Point 2 is now largely a consenus opinion of the jurisdictions that have opined on the issue. It is certainly "good law" and good practice. Point 1 adopts the theory of several jurisdictions that lawyers are prohibited by our ethics rules from looking at certain types of data that everyone else can freely view. At least the authors insert an intent element so that it is clear some examining of metadata is OK, like looking at the formulas in a spreadsheet to make sure they are accurate. I do not disagree with the lofty sentiments and high goals, but question the practicality of this view.
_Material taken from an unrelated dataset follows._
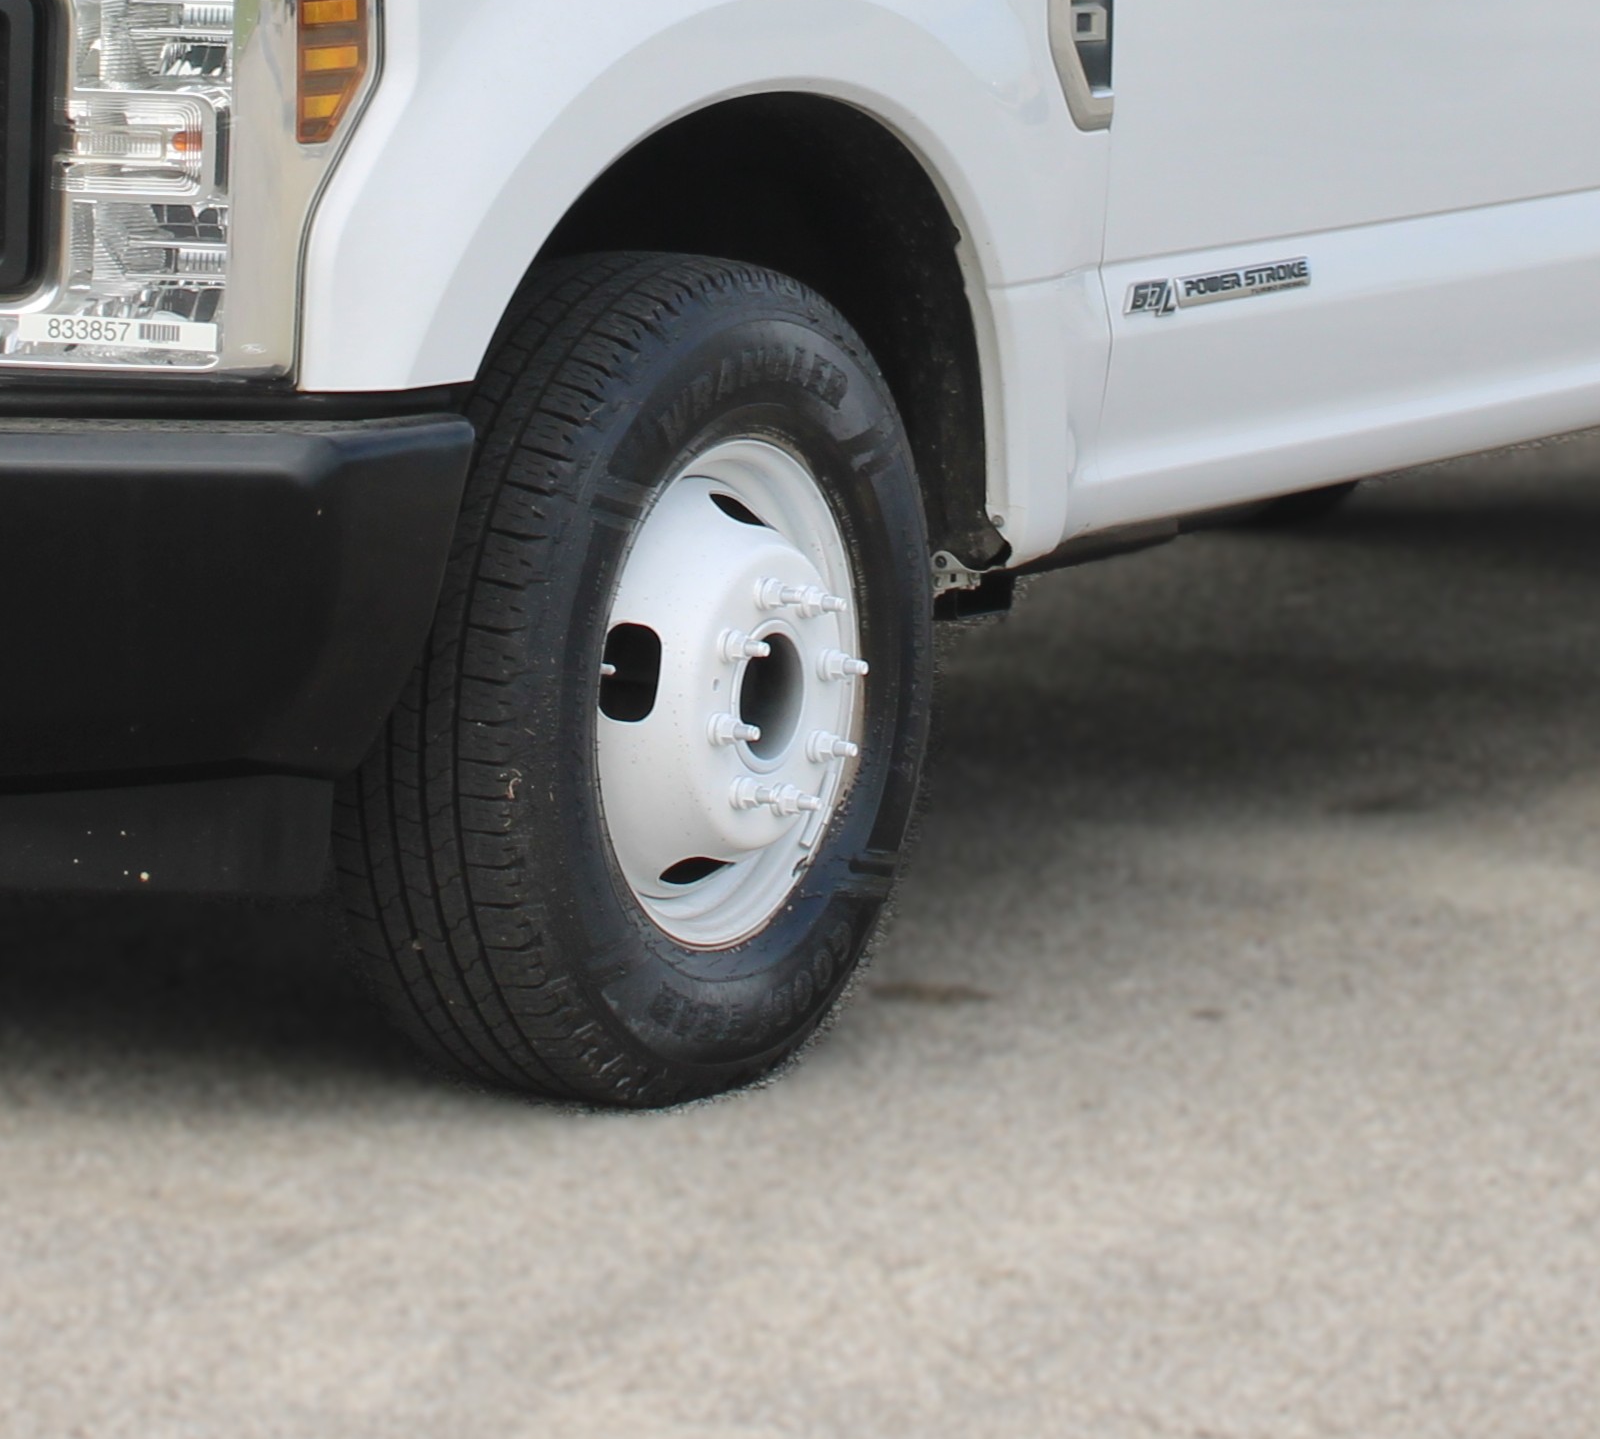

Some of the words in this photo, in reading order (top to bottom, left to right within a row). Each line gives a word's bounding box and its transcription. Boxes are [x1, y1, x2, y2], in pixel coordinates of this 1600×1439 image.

[1184, 272, 1242, 298] POWER
[1244, 261, 1308, 287] STROKE
[47, 318, 131, 342] 833857
Authors of the more recent ethics opinions have the benefit of being able to review the prior work that well frames the issues. As I noted in my article, Colorado in Formal Opinion 119 adopts the view that there is nothing wrong with looking at metadata. But if you stumble across confidential information, you must immediately notify opposing counsel so that you can agree how to handle it or either of you can go to court for guidance or relief. I note this because the Maine opinion specifically criticizes this approach as "a complex and perhaps impractical set of requirements for the parties," while hinting that one would have to be a computer genius to fully understand metadata anyway.

Opinions still differ about legal ethics and metadata. Links to all of the ethics opinions that are publicly available online appear at the end of my article.